== Segment start ==

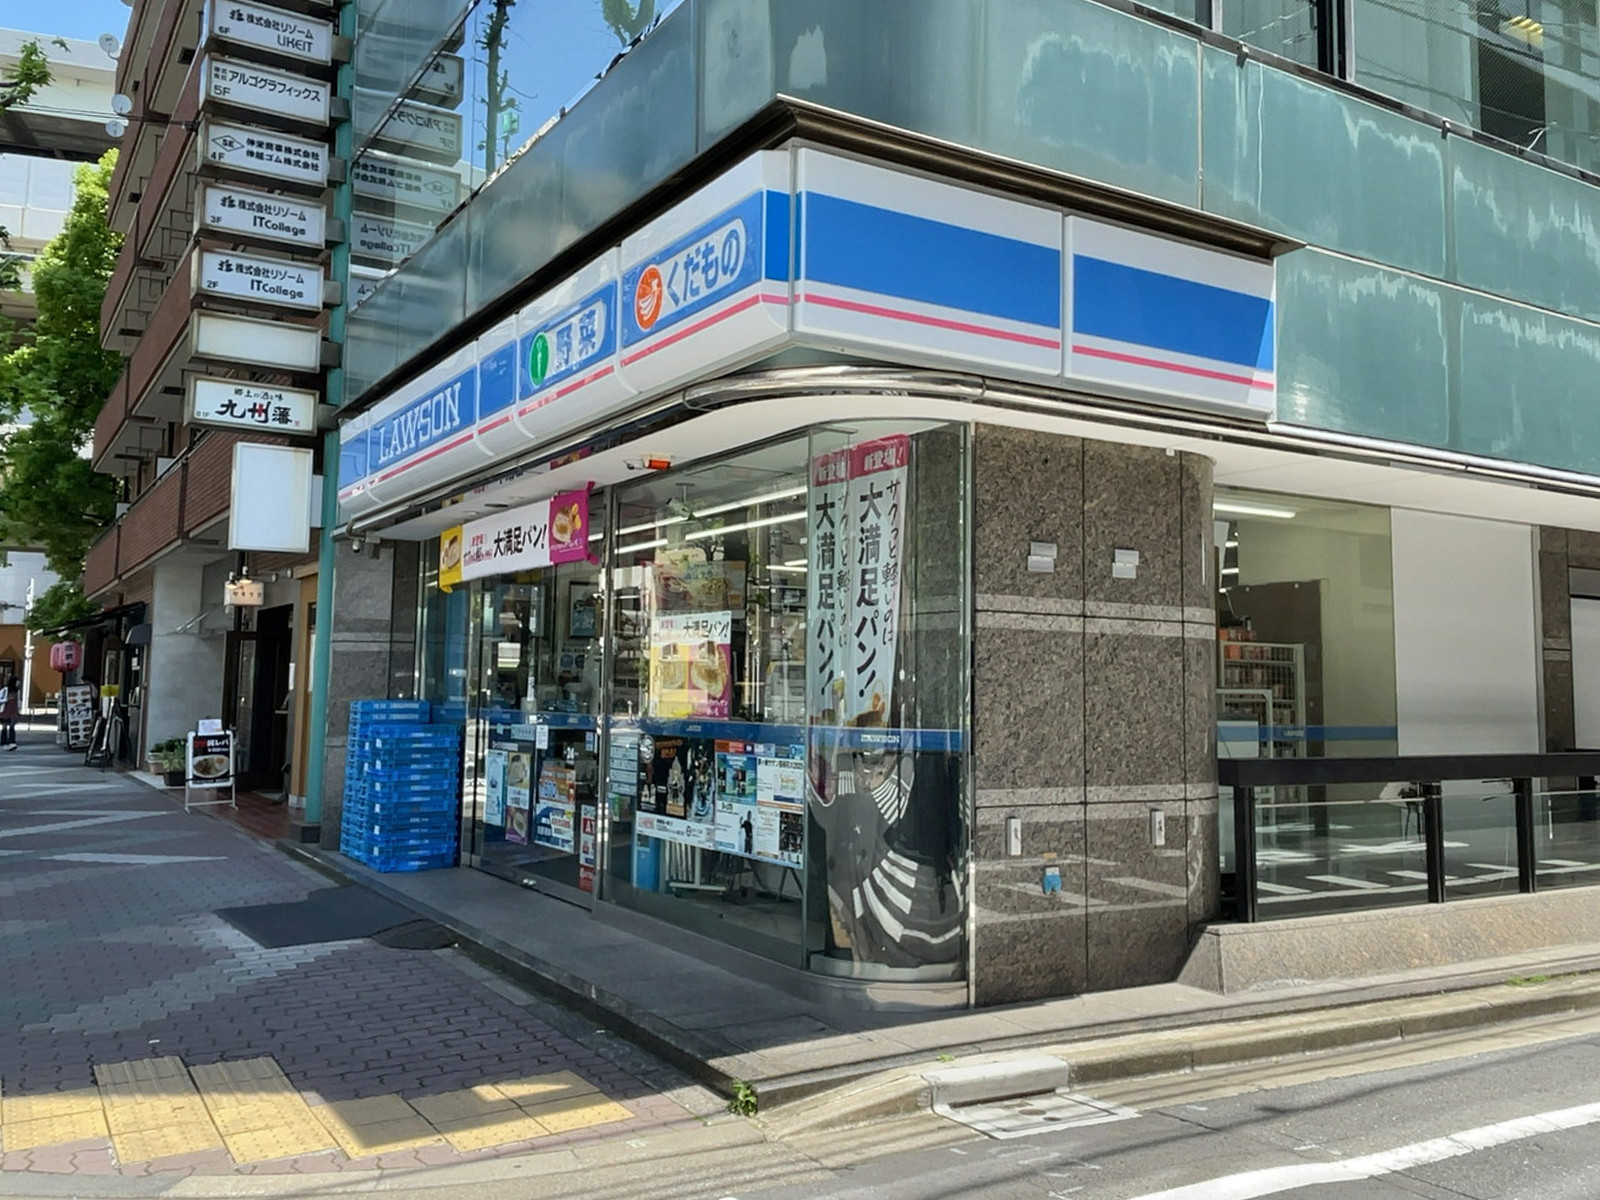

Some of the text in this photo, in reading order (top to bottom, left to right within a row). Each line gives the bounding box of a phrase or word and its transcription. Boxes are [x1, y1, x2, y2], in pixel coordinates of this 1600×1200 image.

[246, 13, 314, 40] 株式会社リゾーム
[214, 84, 231, 96] 5F
[228, 69, 321, 102] アルゴグラフィックス
[210, 151, 225, 161] 4F
[221, 138, 235, 148] SE
[238, 199, 307, 222] 株式会社リゾーム
[253, 215, 306, 237] ITCollege
[235, 262, 304, 284] 株式会社リゾーム
[667, 228, 741, 307] くだもの
[206, 280, 219, 289] 2F
[250, 279, 304, 300] ITCollege
[556, 309, 597, 369] 野菜
[214, 399, 293, 425] 九州藩
[378, 381, 461, 465] LAWSON
[493, 523, 547, 559] 大満足パン!
[881, 478, 901, 646] サクっと軽いのに
[815, 492, 836, 696] 大満足パン!
[854, 481, 883, 699] 大満足パン!
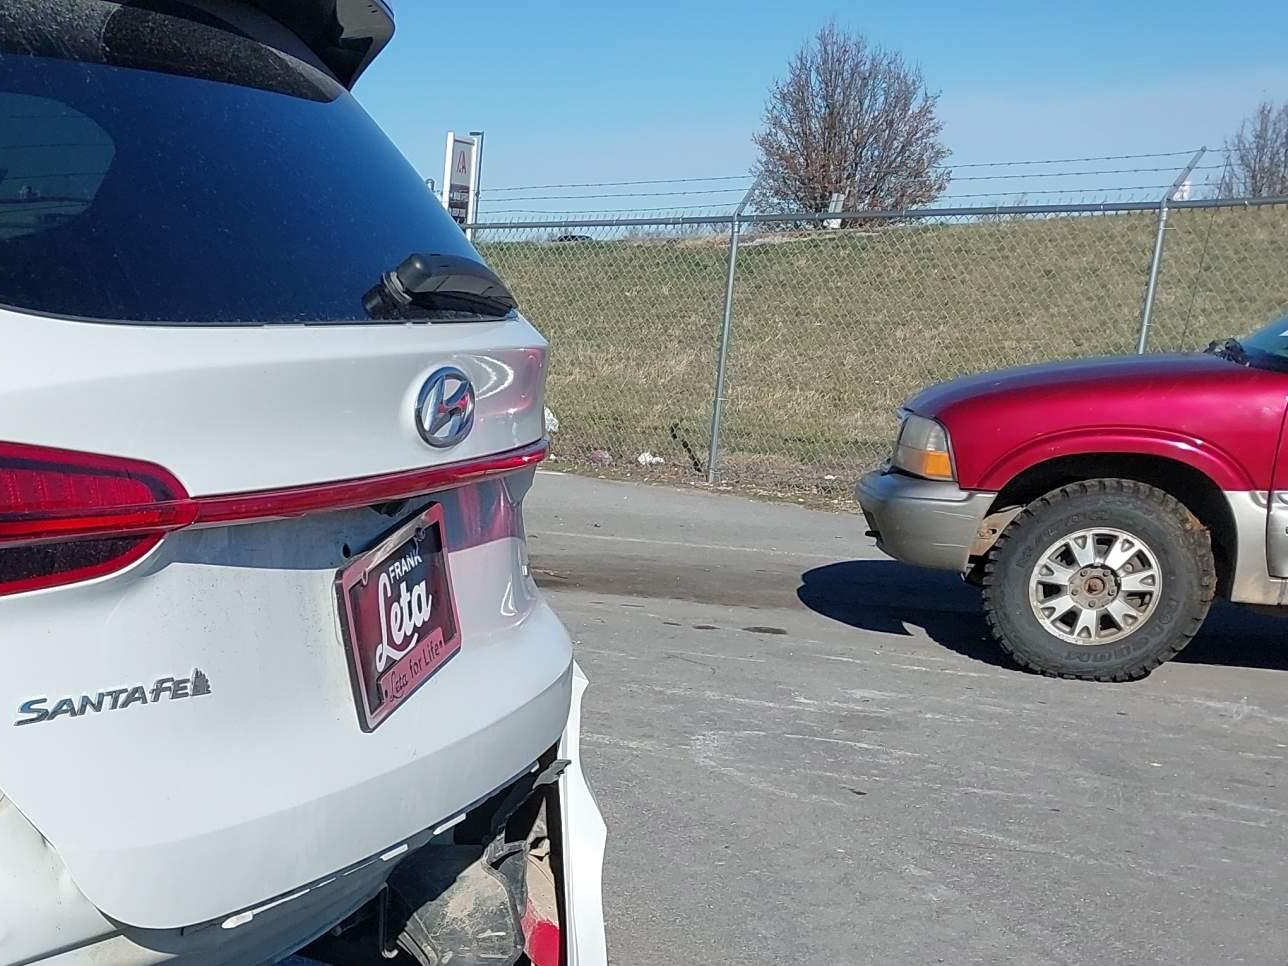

== Segment end ==

(WHAT TO DO): Word for word, set down each record shown above, omitting the pictures.

(EXERCISE RESPONSE):
Some of the text in this photo, in reading order (top to bottom, left to right within a row). Each line gives the bounding box of a phrase or word and its transcription. Boxes are [x1, y1, x2, y2], in pixel coordinates of this 1600×1200 image.

[246, 13, 314, 40] 株式会社リゾーム
[214, 84, 231, 96] 5F
[228, 69, 321, 102] アルゴグラフィックス
[210, 151, 225, 161] 4F
[221, 138, 235, 148] SE
[238, 199, 307, 222] 株式会社リゾーム
[253, 215, 306, 237] ITCollege
[235, 262, 304, 284] 株式会社リゾーム
[667, 228, 741, 307] くだもの
[206, 280, 219, 289] 2F
[250, 279, 304, 300] ITCollege
[556, 309, 597, 369] 野菜
[214, 399, 293, 425] 九州藩
[378, 381, 461, 465] LAWSON
[493, 523, 547, 559] 大満足パン!
[881, 478, 901, 646] サクっと軽いのに
[815, 492, 836, 696] 大満足パン!
[854, 481, 883, 699] 大満足パン!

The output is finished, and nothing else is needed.